WHAT IS NEEDED »
Please repeat exactly the lines below from the line with "this 1920×1080 image." to the line with "Some of the text", including both, and leave out every picture.

DATA SUPPLIED »
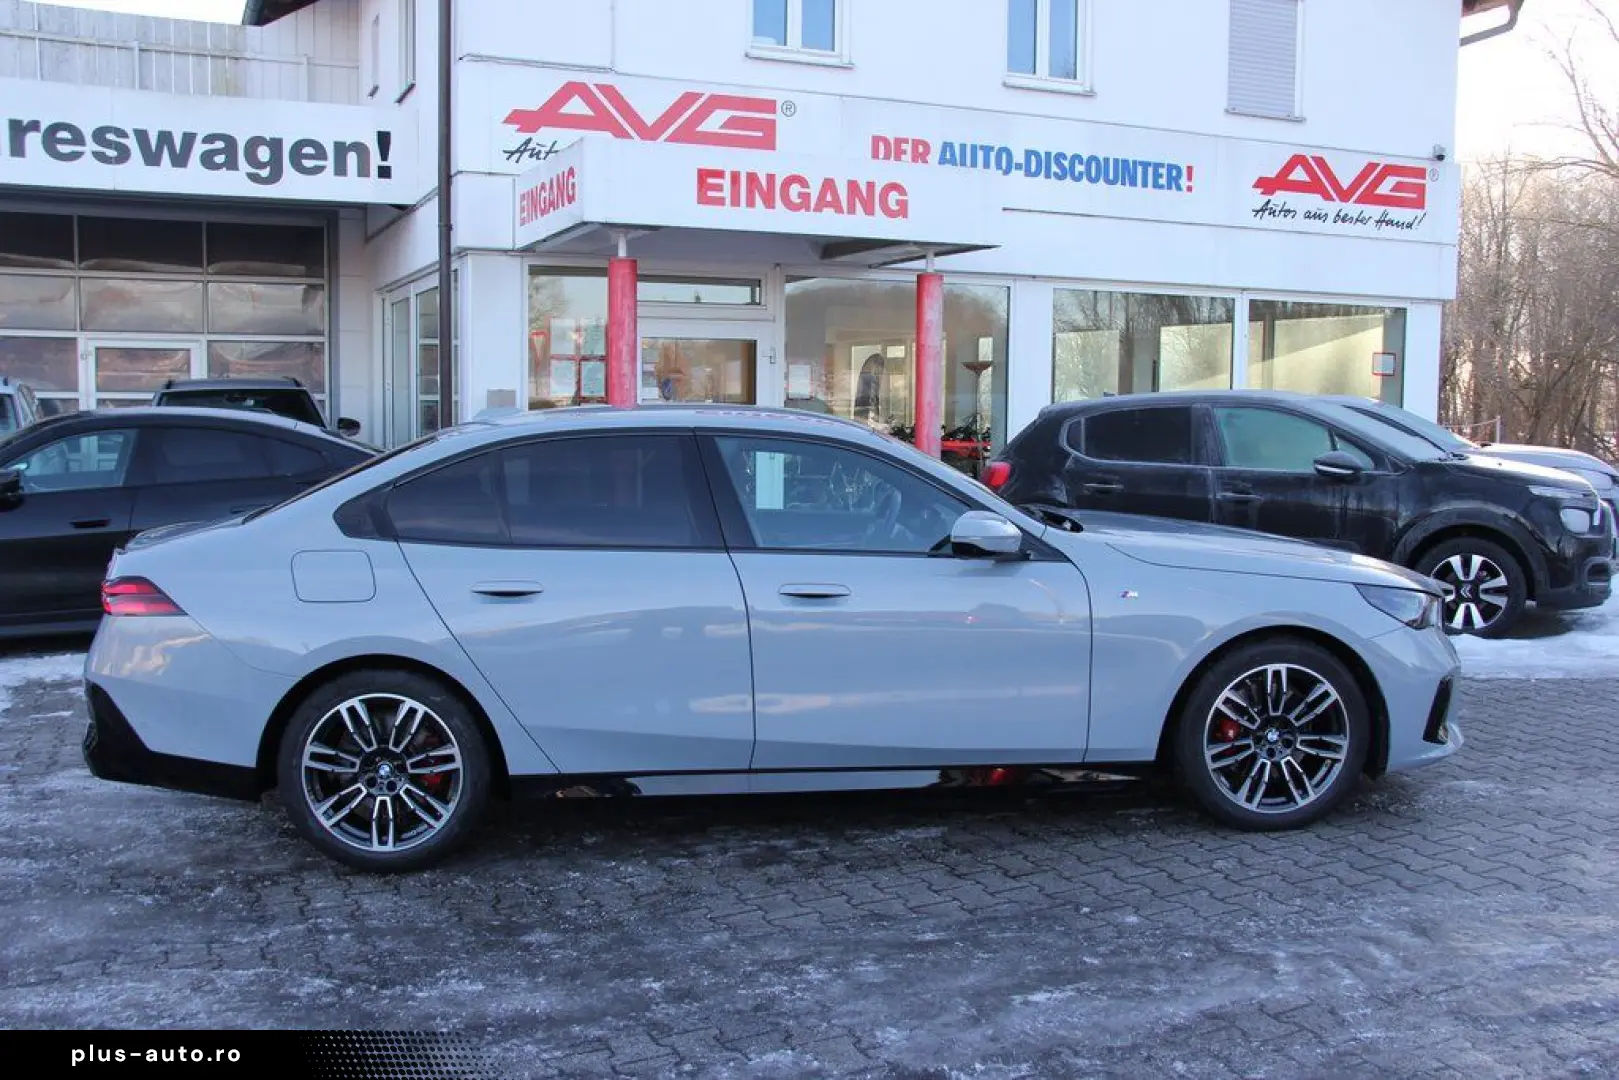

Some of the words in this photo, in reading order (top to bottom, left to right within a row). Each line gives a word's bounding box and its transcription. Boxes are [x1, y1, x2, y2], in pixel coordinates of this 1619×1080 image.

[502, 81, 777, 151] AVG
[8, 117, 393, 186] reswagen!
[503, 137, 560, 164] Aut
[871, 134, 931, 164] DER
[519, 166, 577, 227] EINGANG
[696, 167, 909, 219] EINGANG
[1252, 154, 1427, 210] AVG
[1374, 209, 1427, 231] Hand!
...
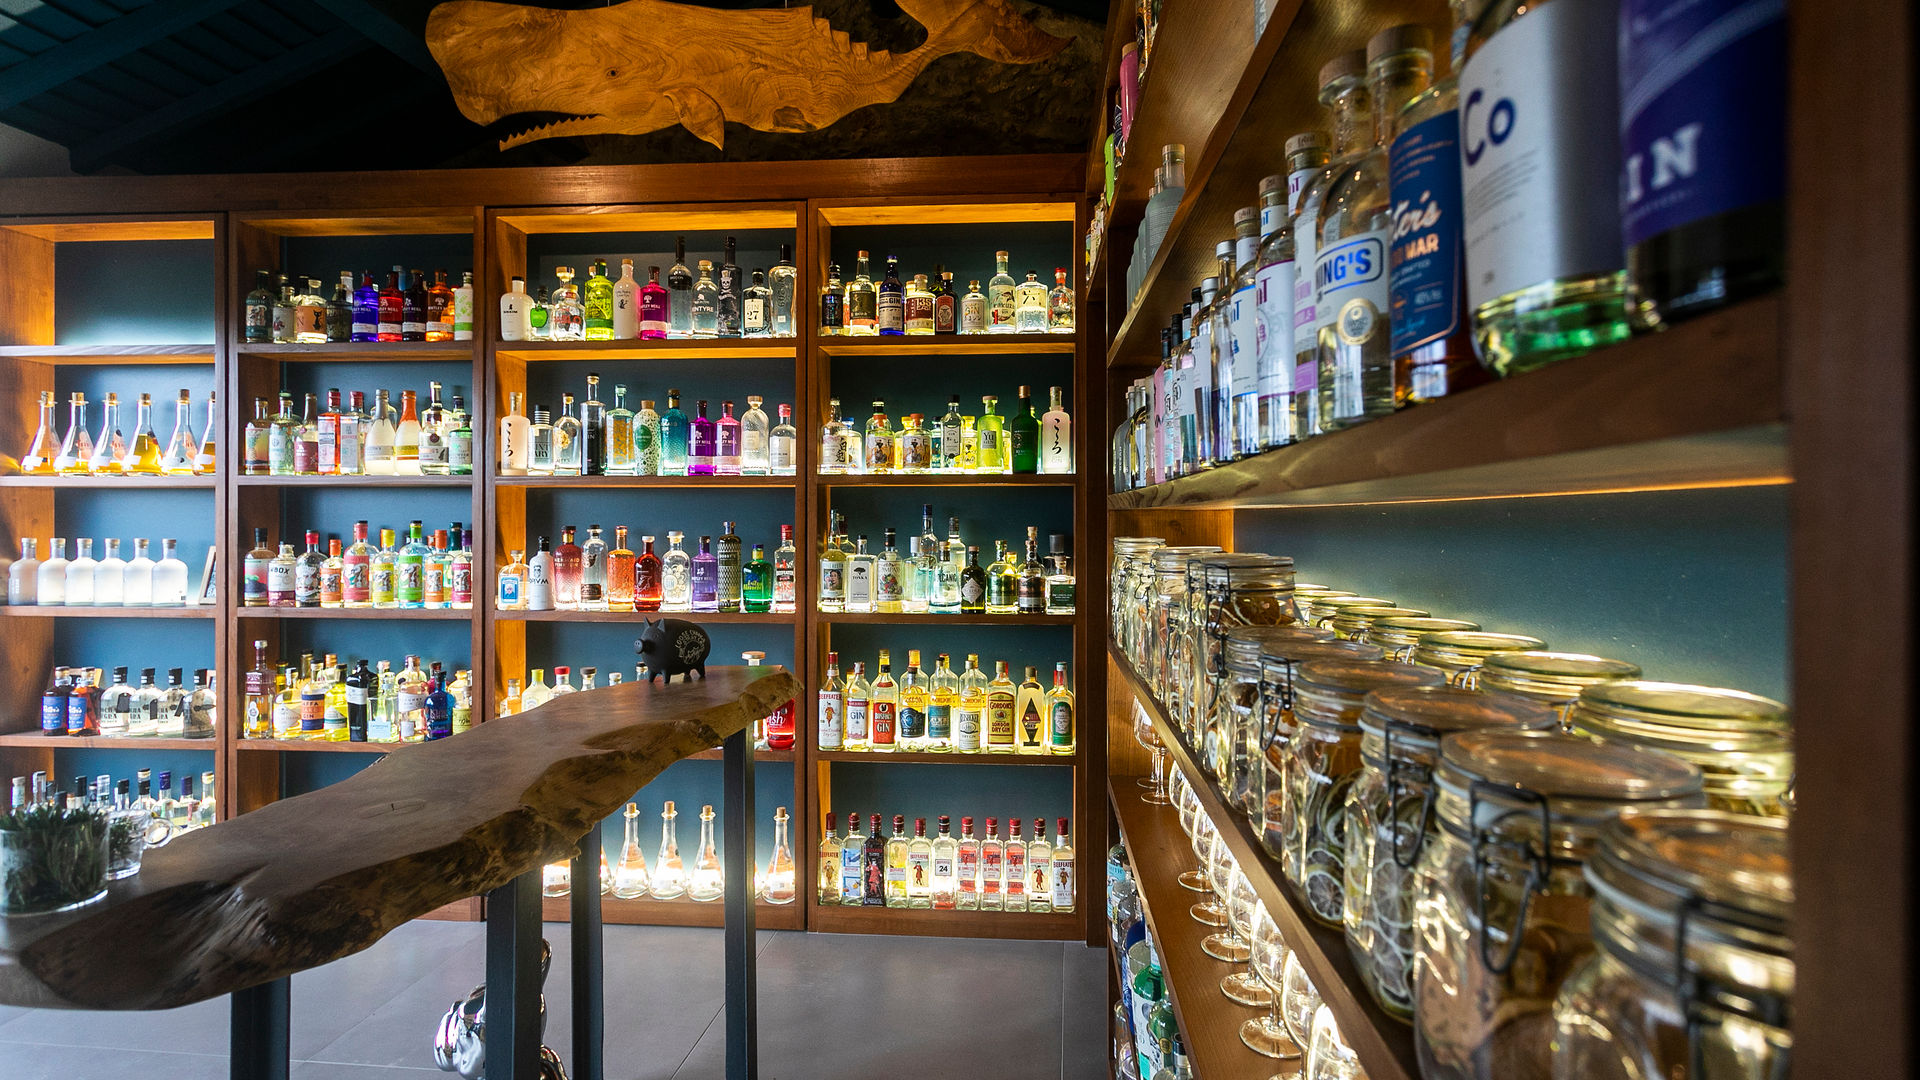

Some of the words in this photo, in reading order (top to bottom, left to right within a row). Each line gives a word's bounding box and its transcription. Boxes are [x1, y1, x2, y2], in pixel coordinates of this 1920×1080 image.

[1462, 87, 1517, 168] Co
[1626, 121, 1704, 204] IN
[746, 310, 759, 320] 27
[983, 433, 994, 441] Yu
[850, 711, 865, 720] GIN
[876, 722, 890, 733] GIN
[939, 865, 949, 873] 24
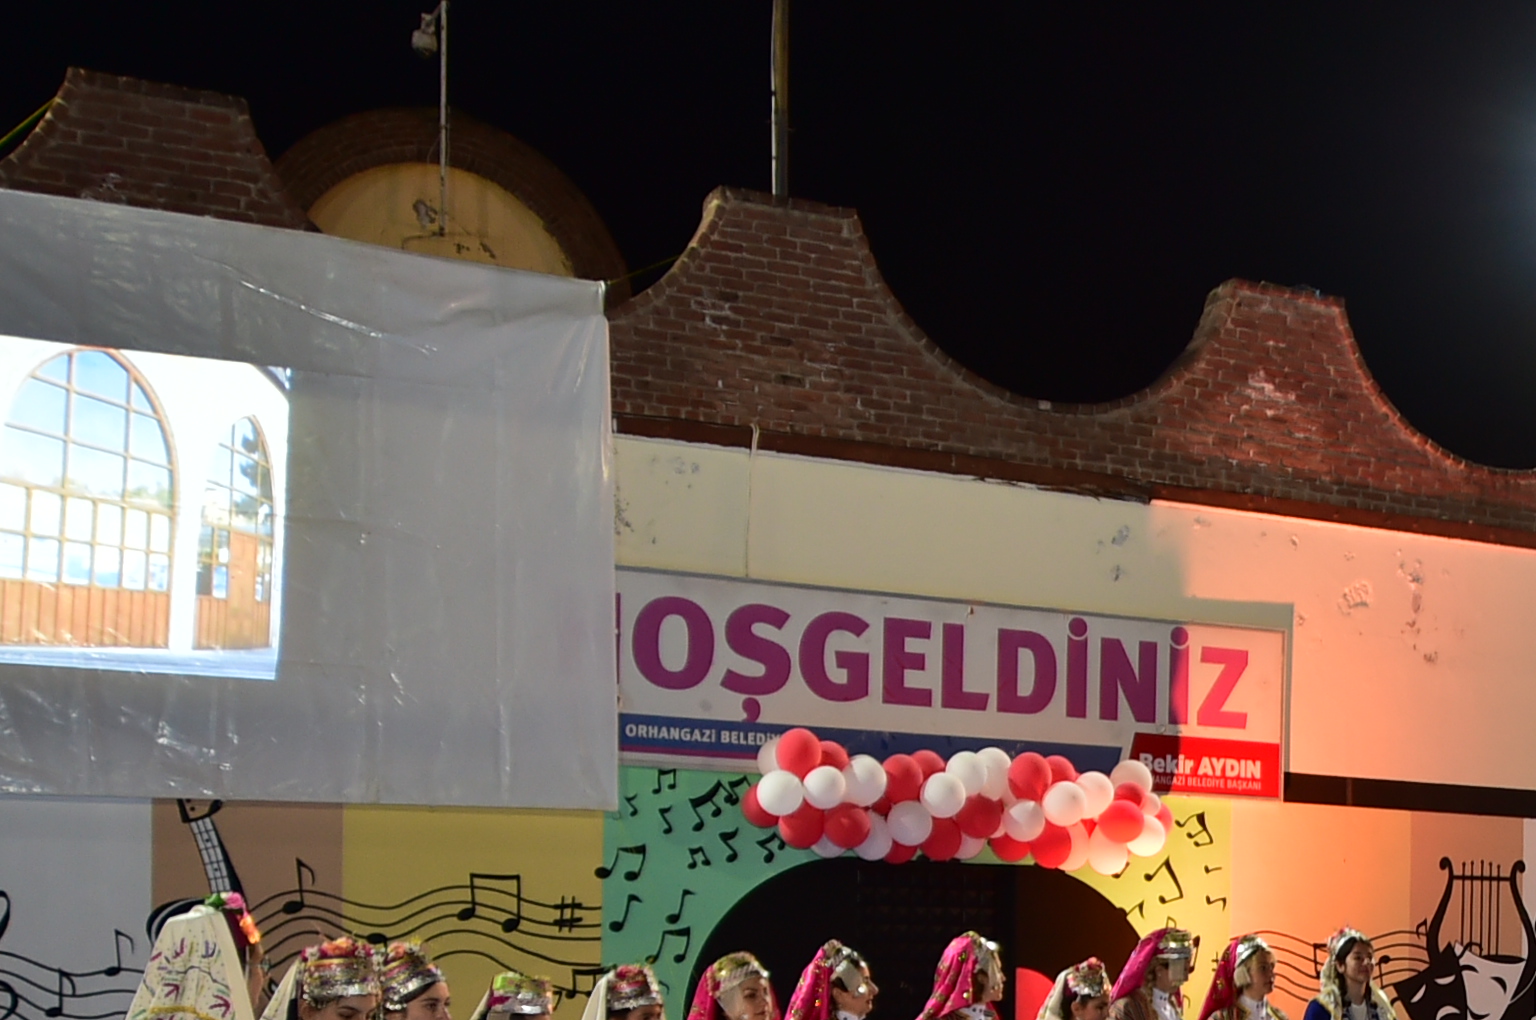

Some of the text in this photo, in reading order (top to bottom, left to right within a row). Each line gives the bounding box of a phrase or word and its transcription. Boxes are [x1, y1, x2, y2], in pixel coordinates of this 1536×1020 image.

EXERCISE RESULT »
Some of the words in this photo, in reading order (top to bottom, left to right within a row). Each line gives a word's bounding box and its transcription. Boxes are [x1, y1, x2, y2], in pixel coordinates of this 1920×1080 image.

[1462, 87, 1517, 168] Co
[1626, 121, 1704, 204] IN
[746, 310, 759, 320] 27
[983, 433, 994, 441] Yu
[850, 711, 865, 720] GIN
[876, 722, 890, 733] GIN
[939, 865, 949, 873] 24

Some of the text in this photo, in reading order (top to bottom, left to right within a row). Each line gives the bounding box of a phrase or word and its transcription. Boxes are [x1, y1, x2, y2], in pixel coordinates of this 1536×1020 image.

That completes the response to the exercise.